The atmosphere around him was heavy and warm, carrying the smell of burning decay on gusty winds. A low ceiling of purple clouds eclipsed the rock barrier that sealed him inside Jahannam, but the radiance of early evening reached through the distance from some indiscernible source. The flat plain pushed toward a sandstorm cloud. Red dust and scattered rock wended east and west into a bleak horizon. Black to the east and fire to the west. Lightning flashed above and behind. The only structures were a worn wood dock jutting into the water and a boulder shack upon which rested a pointed scrap-wood roof. A gothic lantern swung from one of the brittle piers.

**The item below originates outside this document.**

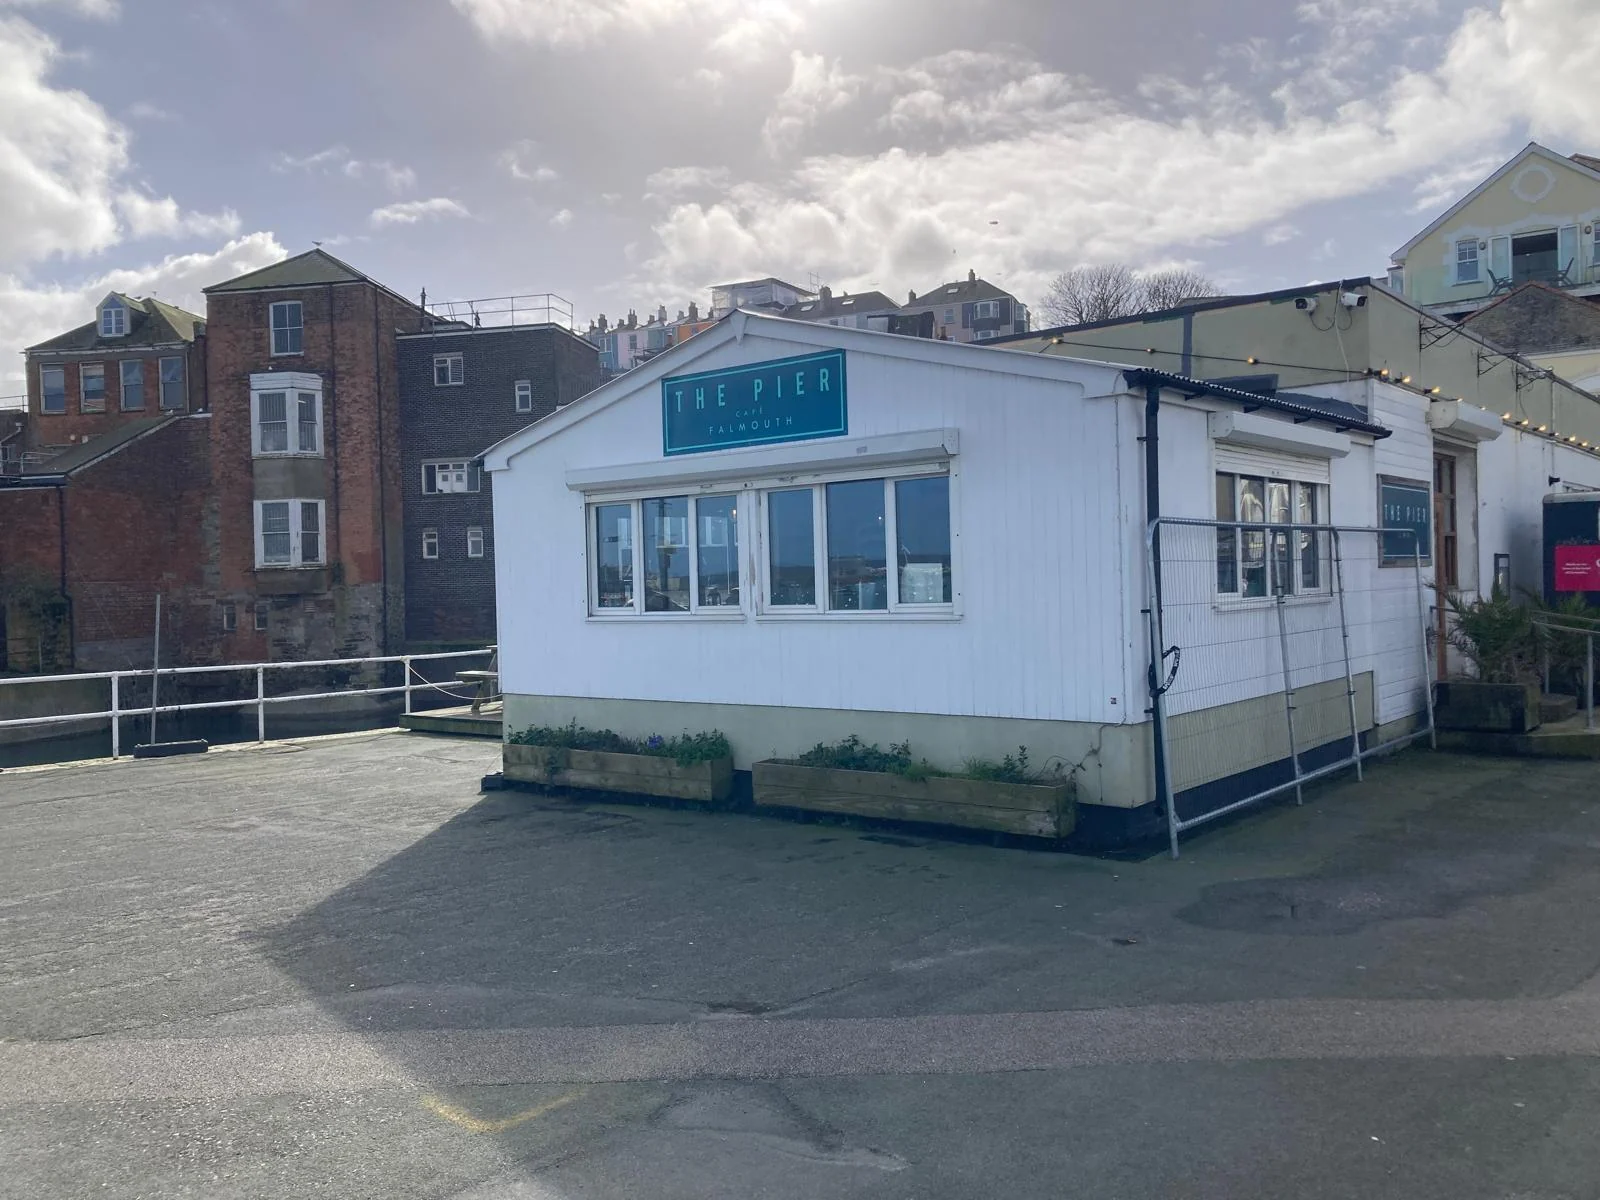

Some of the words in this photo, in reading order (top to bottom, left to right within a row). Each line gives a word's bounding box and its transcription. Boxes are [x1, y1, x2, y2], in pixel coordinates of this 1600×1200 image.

The silver river this man wandered marked the border of the wasteland Sheol and as far as his kind could go without being harassed by lightwalkers. The man toed the water lapping the shore. It  foamed angrily against his boot. He rubbed his palms together and then scanned the far bank. A mist  shrouded the other side from view and the land beyond—the Asfodel Fields—was wreathed in black shadow. Beyond that lay the Avernus, a barrier that kept out the light and the prying eyes of King  Adonai, he who cast their race into the shadows, a place that would eat their very being. Poking from the shadows was the sterling head of a weeping giant, coined the Old Man by some, it was the  guardian Yahweh, ever watchful over the dark dominion. The old seraph had encased himself inside of the statue, which was submerged to its elbows in a wide body of water. The rest of the seraph's prison lay cloaked in the spray of some liquid pouring from the hand-covered eyes. The effect elongated the statue's hair and robes. He recalled an era when the tears trickled and the rivers threatened to dry up. Many starved, for the liquid was suffering and thus life to Jahannam.  Now great suffering poured in from Samsara, thanks to the many gates they'd forged to encourage the flow. Yahweh never fought them. Instead, his tears fed the acrid lands and broad, swollen rivers in his world. The danava would not starve again with such abundance pouring in from their gatekeeper. More than likely the seraph's atman had spent its last centuries ago and was a useless lump sealed inside. That or Yahweh had taken sides with Jahannam.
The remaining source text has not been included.